== The problem ==
Restate the data exactly as given and keep the pictures out.

Stored items
*-*-*
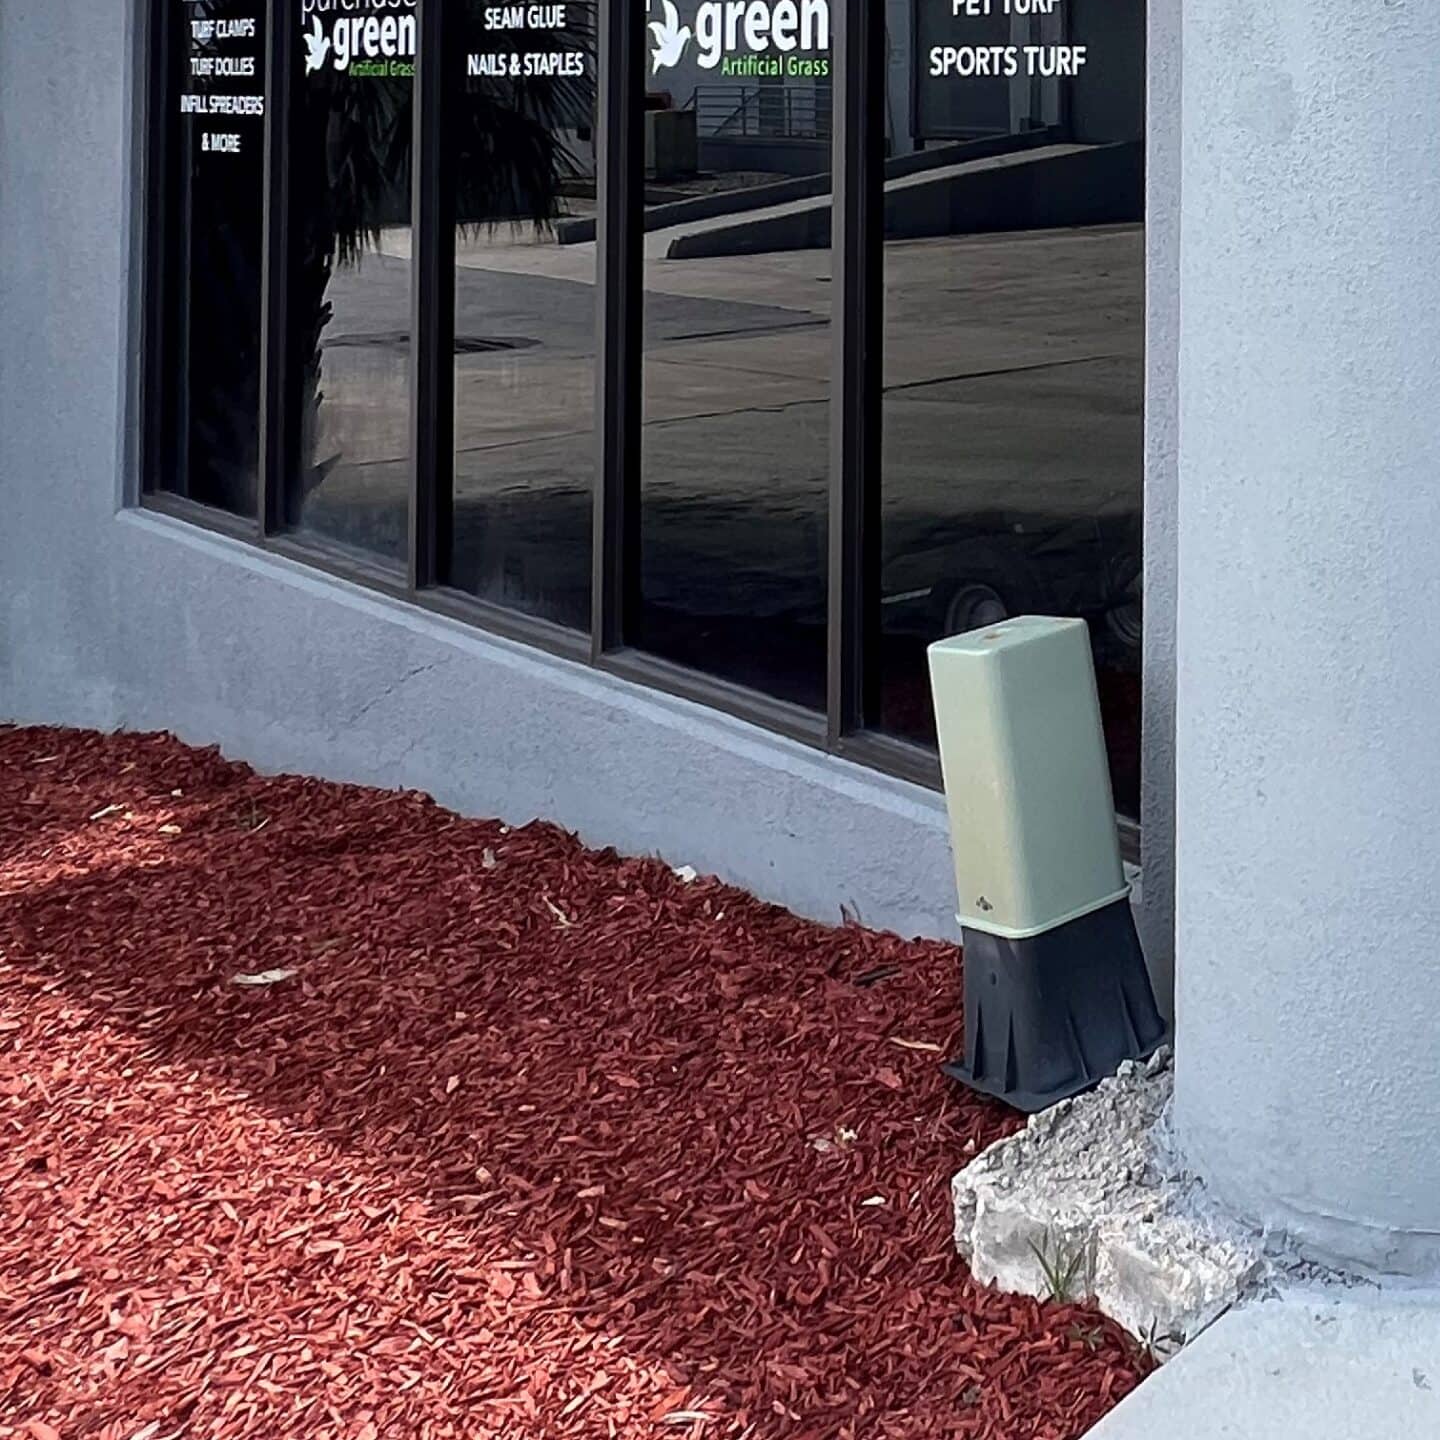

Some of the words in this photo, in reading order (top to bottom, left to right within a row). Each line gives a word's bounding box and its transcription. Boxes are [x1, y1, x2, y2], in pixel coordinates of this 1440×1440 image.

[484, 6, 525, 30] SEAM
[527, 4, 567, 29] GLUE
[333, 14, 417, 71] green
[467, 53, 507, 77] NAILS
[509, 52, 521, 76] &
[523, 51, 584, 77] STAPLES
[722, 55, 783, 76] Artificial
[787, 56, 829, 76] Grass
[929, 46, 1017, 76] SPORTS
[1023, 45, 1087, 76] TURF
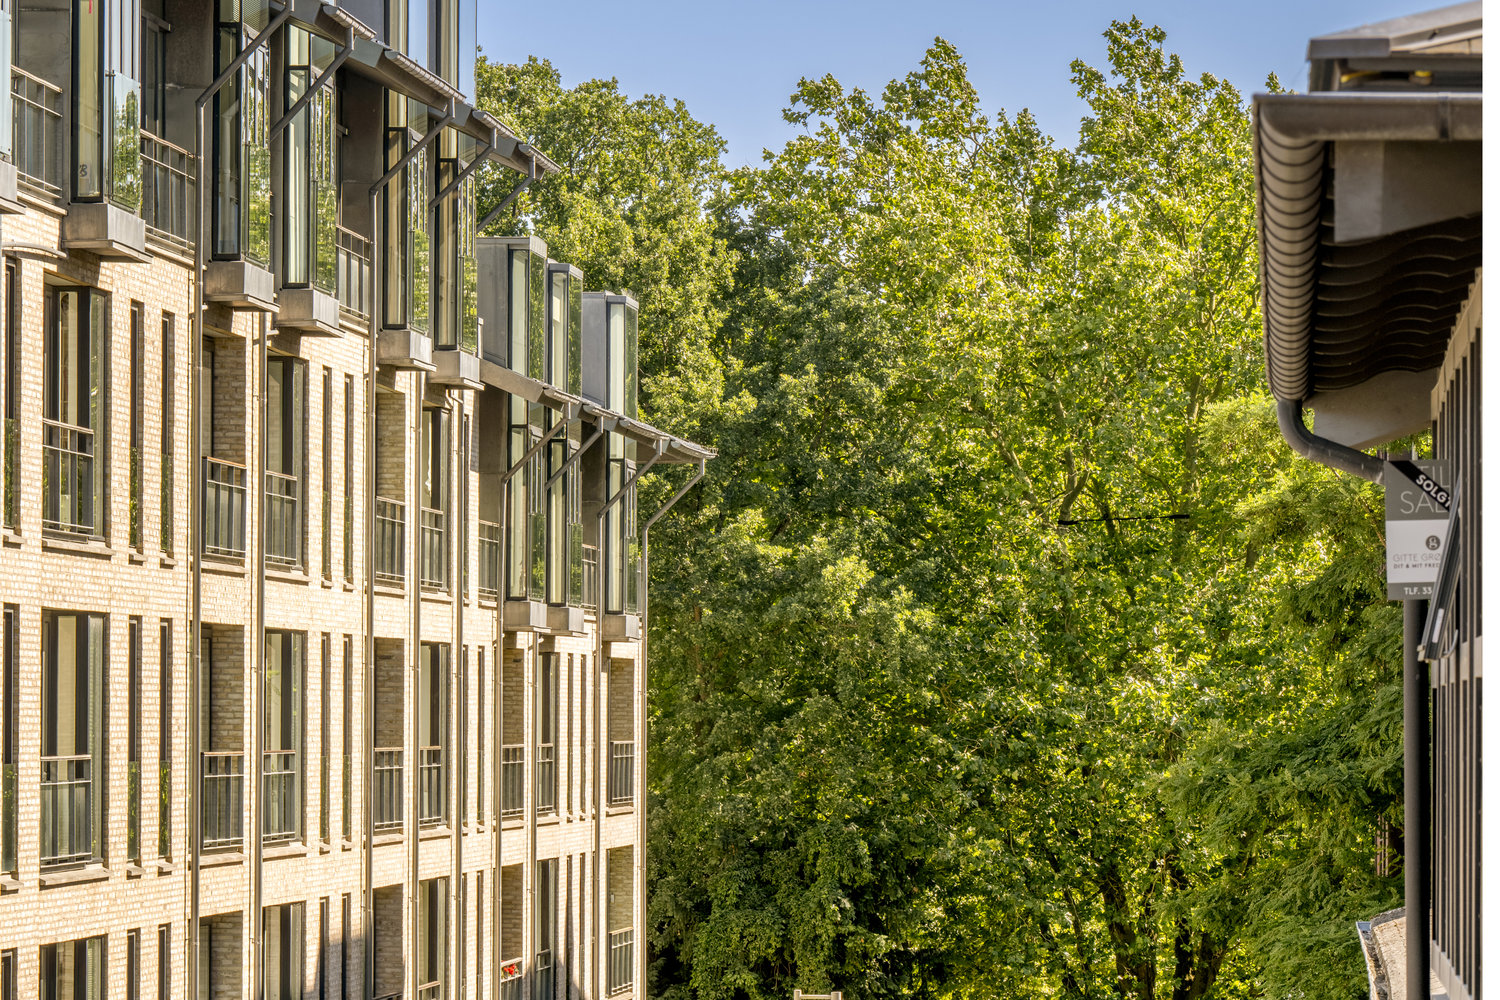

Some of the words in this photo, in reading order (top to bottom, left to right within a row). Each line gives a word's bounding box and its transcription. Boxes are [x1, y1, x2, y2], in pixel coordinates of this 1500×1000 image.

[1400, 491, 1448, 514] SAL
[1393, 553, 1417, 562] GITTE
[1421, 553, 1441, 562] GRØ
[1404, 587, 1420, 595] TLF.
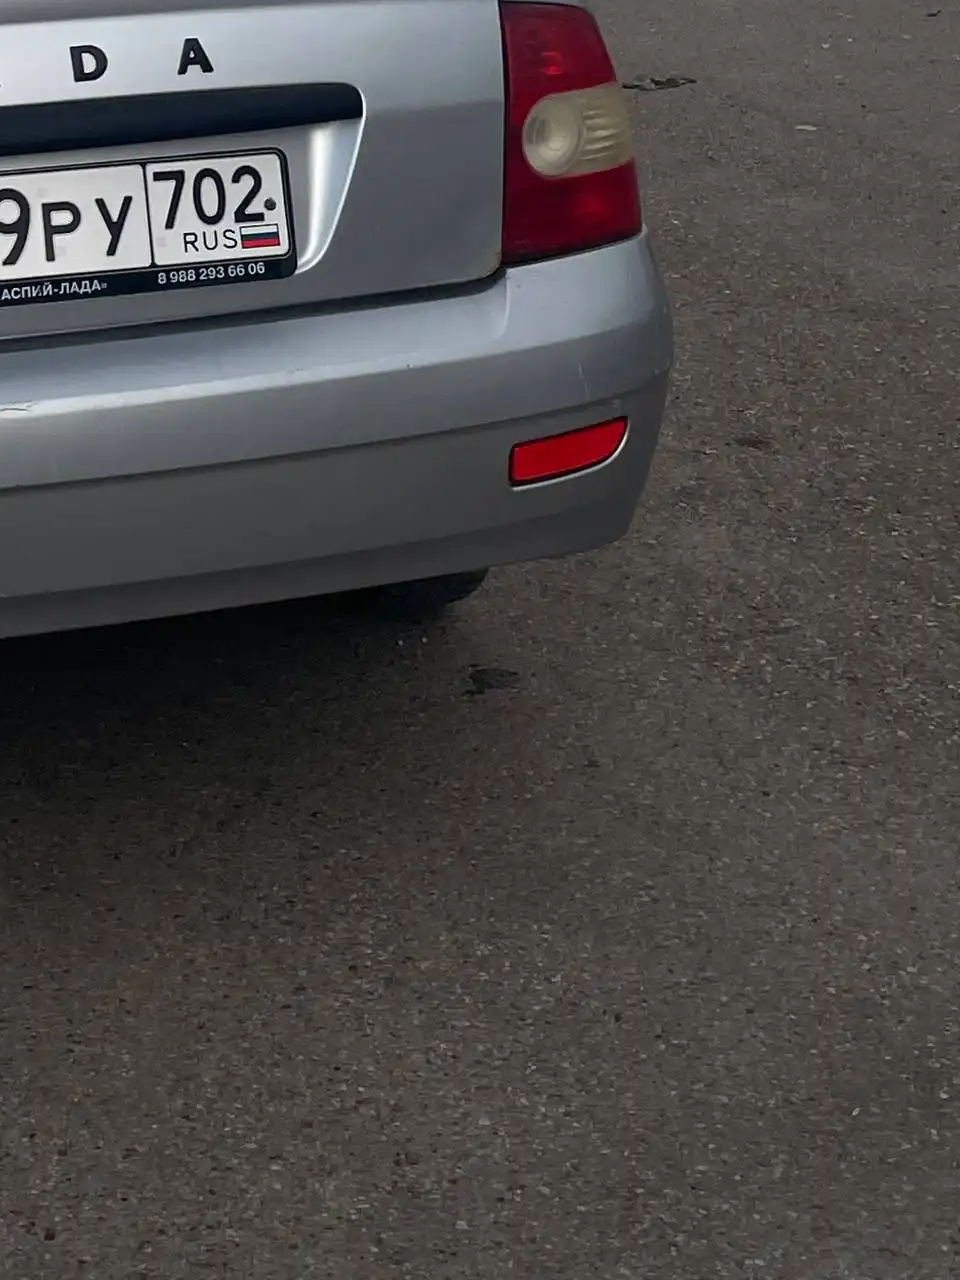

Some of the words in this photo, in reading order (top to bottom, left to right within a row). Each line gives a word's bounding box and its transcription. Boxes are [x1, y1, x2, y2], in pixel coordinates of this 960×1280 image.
*-*-*
== The answer ==
Some of the words in this photo, in reading order (top to bottom, left to right within a row). Each line gives a word's bounding box and its transcription. Boxes are [x1, y1, x2, y2], in pixel coordinates of this 1440×1440 image.

[484, 6, 525, 30] SEAM
[527, 4, 567, 29] GLUE
[333, 14, 417, 71] green
[467, 53, 507, 77] NAILS
[509, 52, 521, 76] &
[523, 51, 584, 77] STAPLES
[722, 55, 783, 76] Artificial
[787, 56, 829, 76] Grass
[929, 46, 1017, 76] SPORTS
[1023, 45, 1087, 76] TURF

Some of the words in this photo, in reading order (top to bottom, left to right within a row). Each line gives a word's bounding box and its transcription. Boxes are [x1, y1, x2, y2], in pixel coordinates of this 1500×1000 image.

[1400, 491, 1448, 514] SAL
[1393, 553, 1417, 562] GITTE
[1421, 553, 1441, 562] GRØ
[1404, 587, 1420, 595] TLF.

Some of the words in this photo, in reading order (top to bottom, left to right within a row). Each line gives a word's bounding box and its transcription. Boxes are [x1, y1, x2, y2], in pixel coordinates of this 960×1280 image.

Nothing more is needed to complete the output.